Repeat the listing exactly. Any picture in it should be left out of the copy.
· · · ·
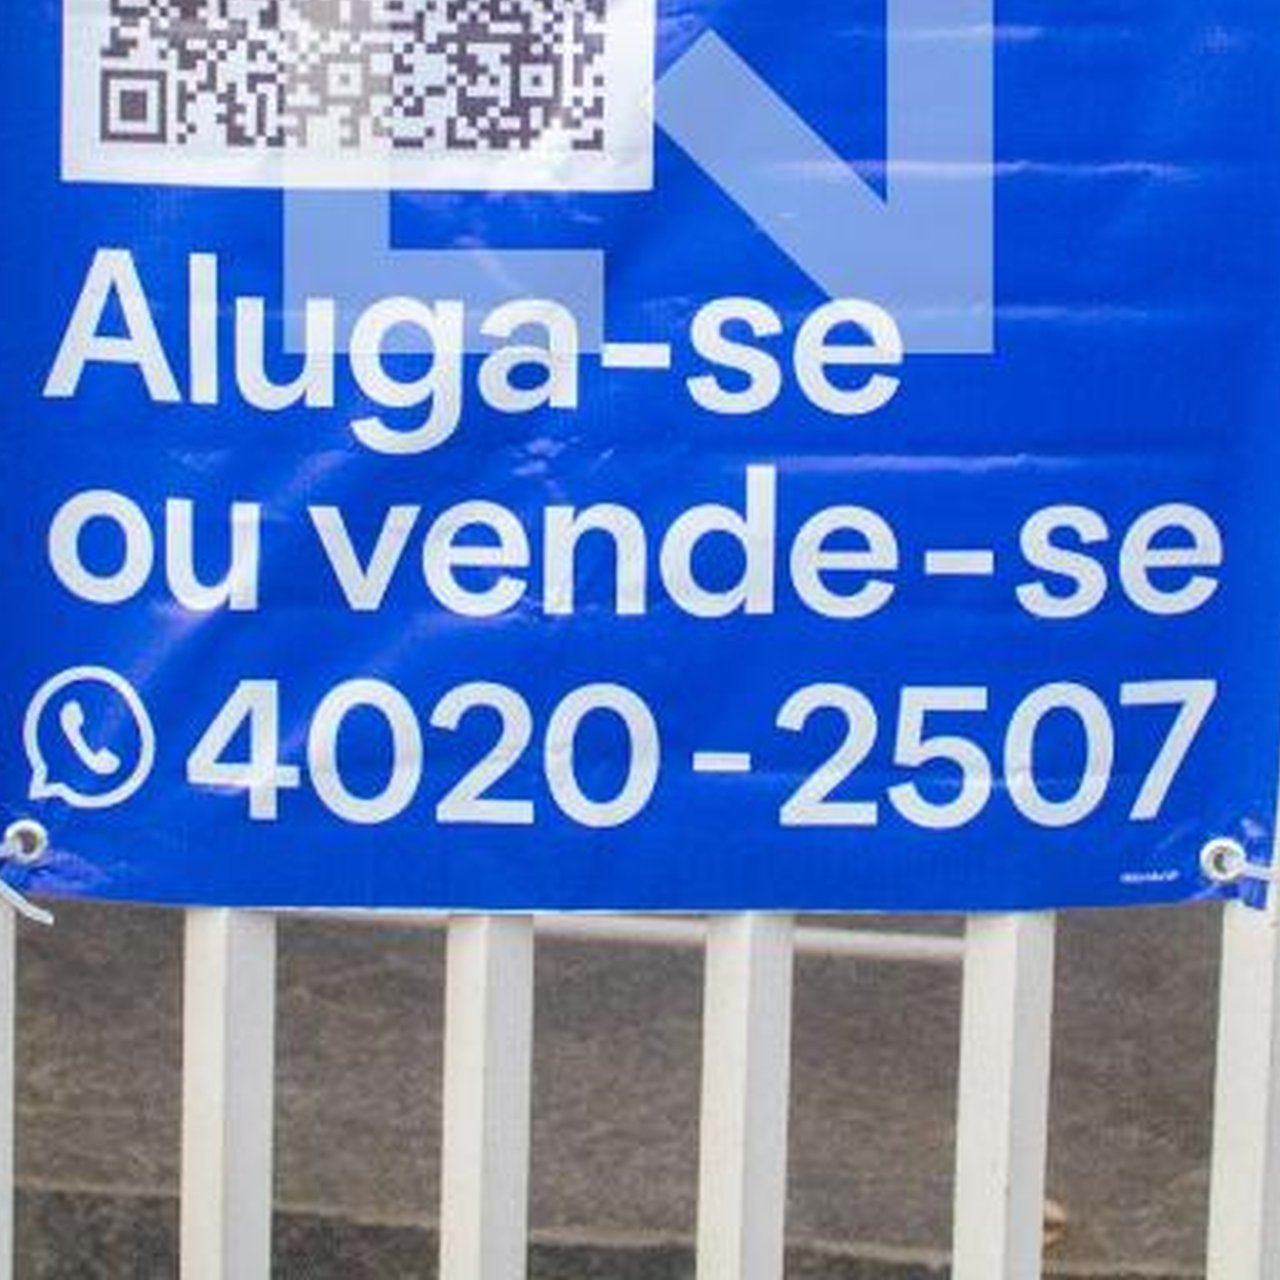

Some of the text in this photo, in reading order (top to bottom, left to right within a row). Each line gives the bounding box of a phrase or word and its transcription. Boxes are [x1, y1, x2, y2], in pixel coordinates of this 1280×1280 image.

[41, 247, 904, 455] Aluga-se
[47, 464, 1224, 620] ou vende-se
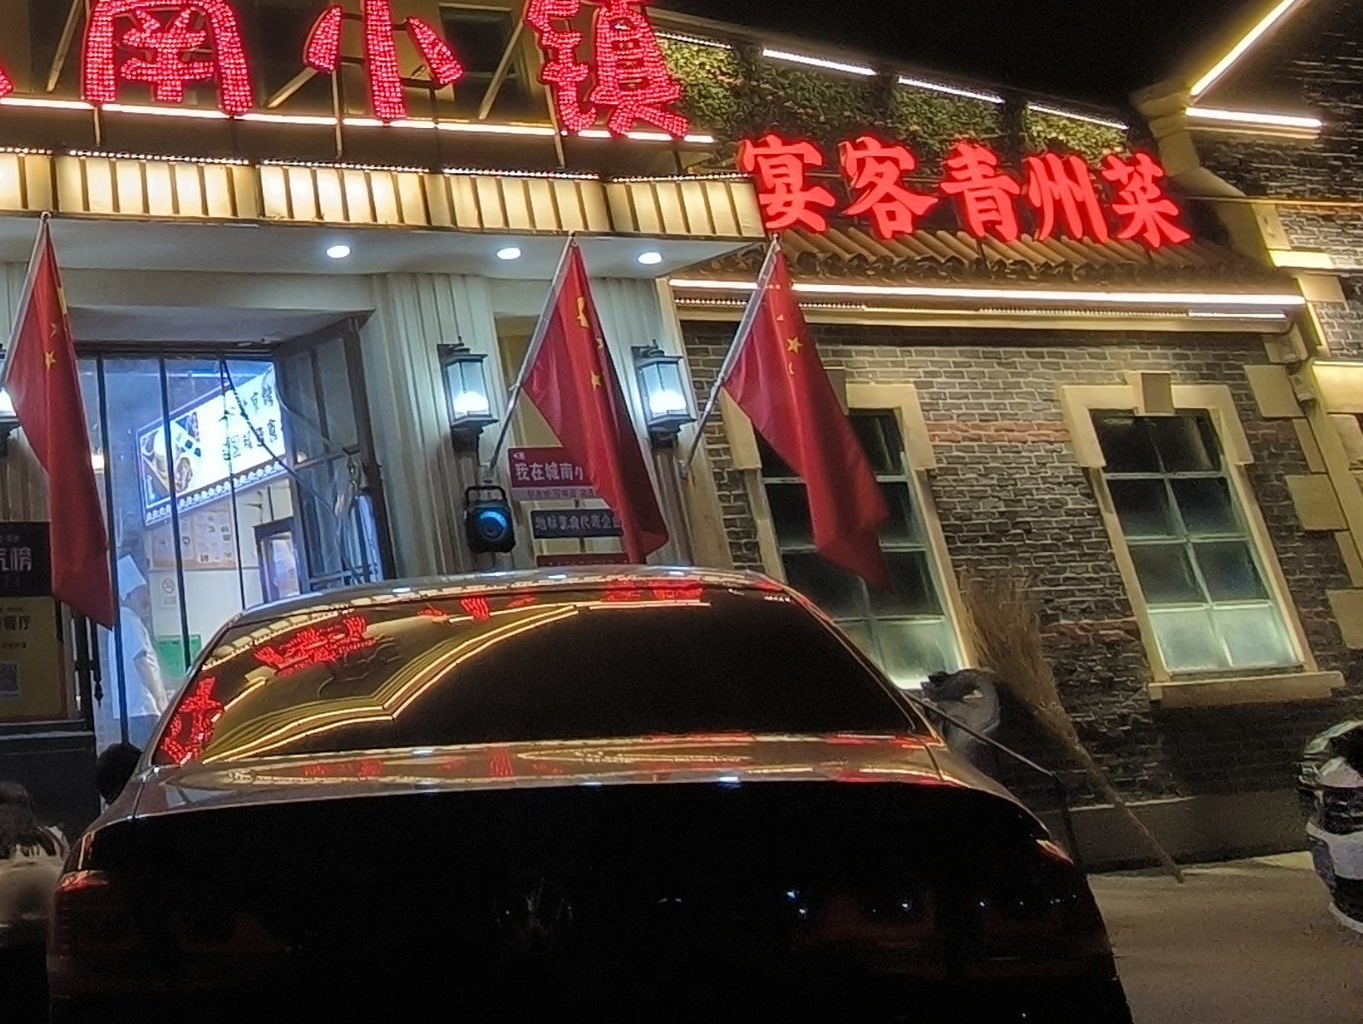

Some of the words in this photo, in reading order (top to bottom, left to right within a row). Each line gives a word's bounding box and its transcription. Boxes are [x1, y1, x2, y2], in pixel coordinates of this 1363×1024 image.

[741, 134, 1192, 249] 宴客青州菜
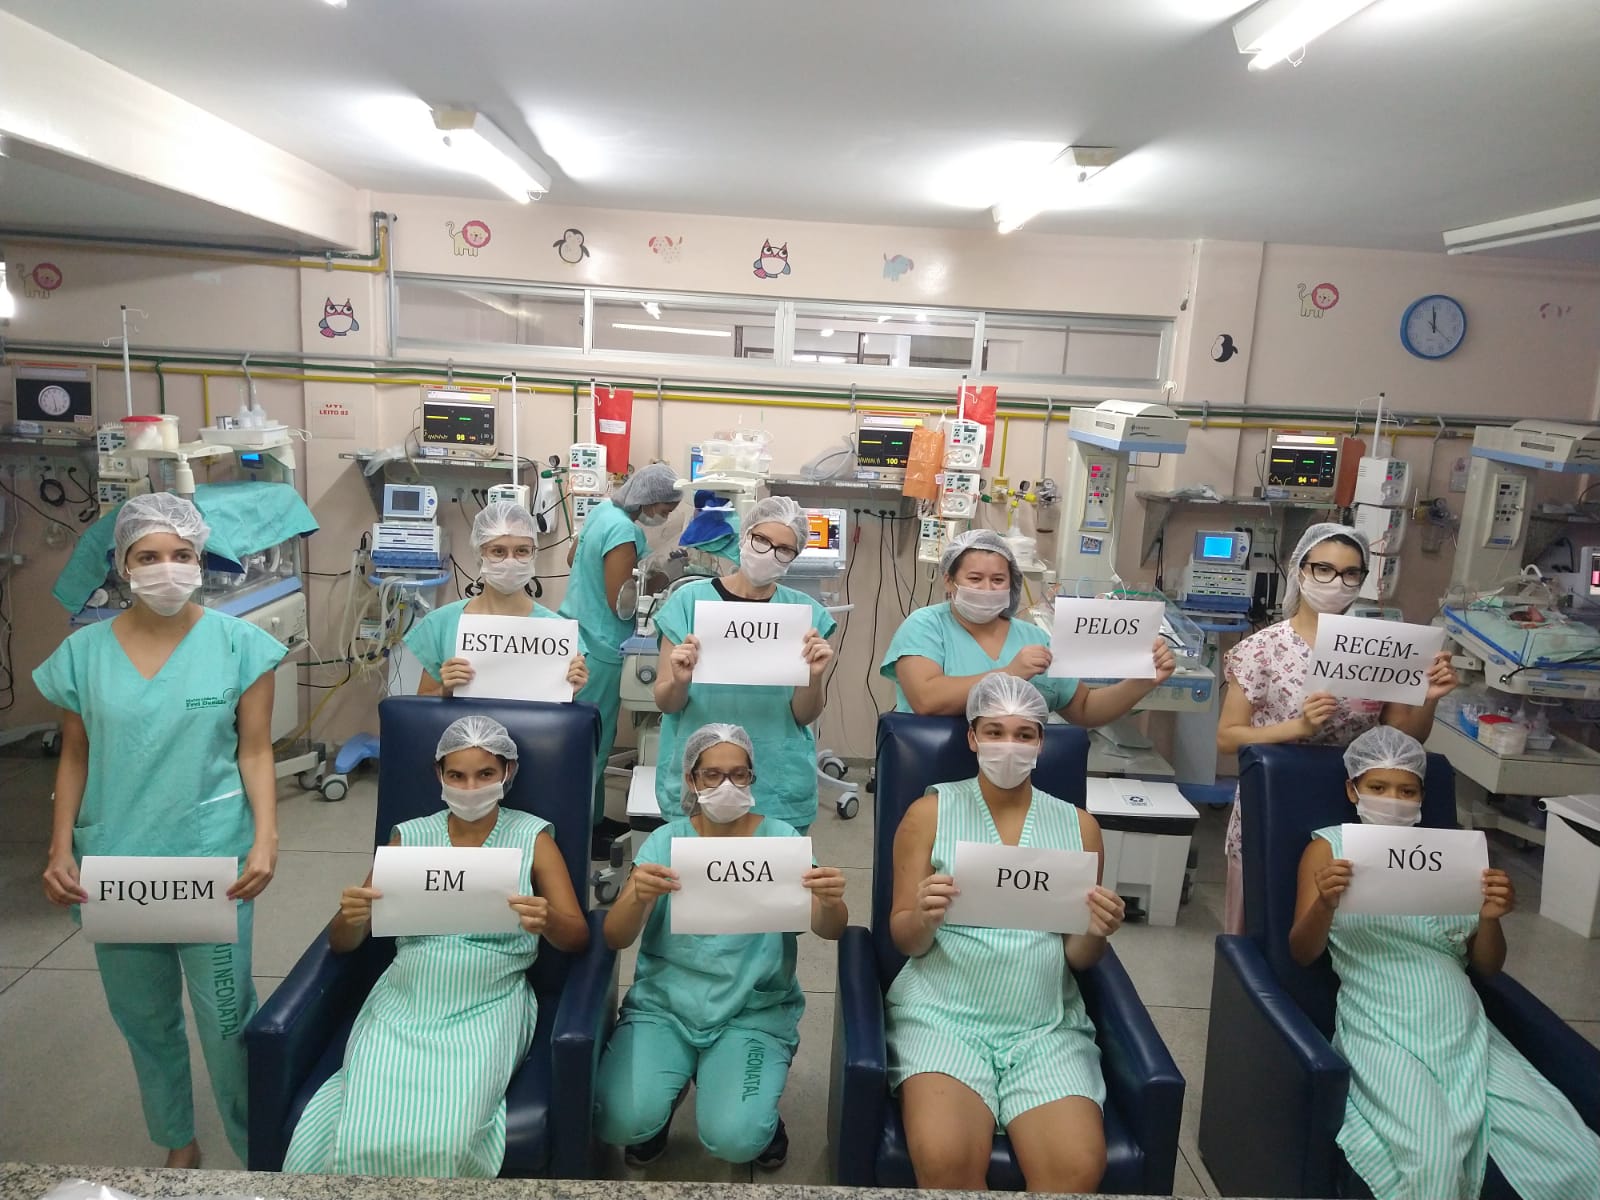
· · · ·
#### Output of the exercise:
Some of the text in this photo, in reading order (top to bottom, left to right within a row). Each line gives the bounding box of a phrase or word and its transcription. Boxes are [x1, y1, x2, y2], in pixel coordinates of this 1280×1280 image.

[41, 247, 904, 455] Aluga-se
[47, 464, 1224, 620] ou vende-se

Some of the words in this photo, in reading order (top to bottom, left to right within a row). Each line gives a word's bounding box and its transcription. Boxes are [x1, y1, x2, y2], in pixel coordinates of this 1363×1024 image.

[741, 134, 1192, 249] 宴客青州菜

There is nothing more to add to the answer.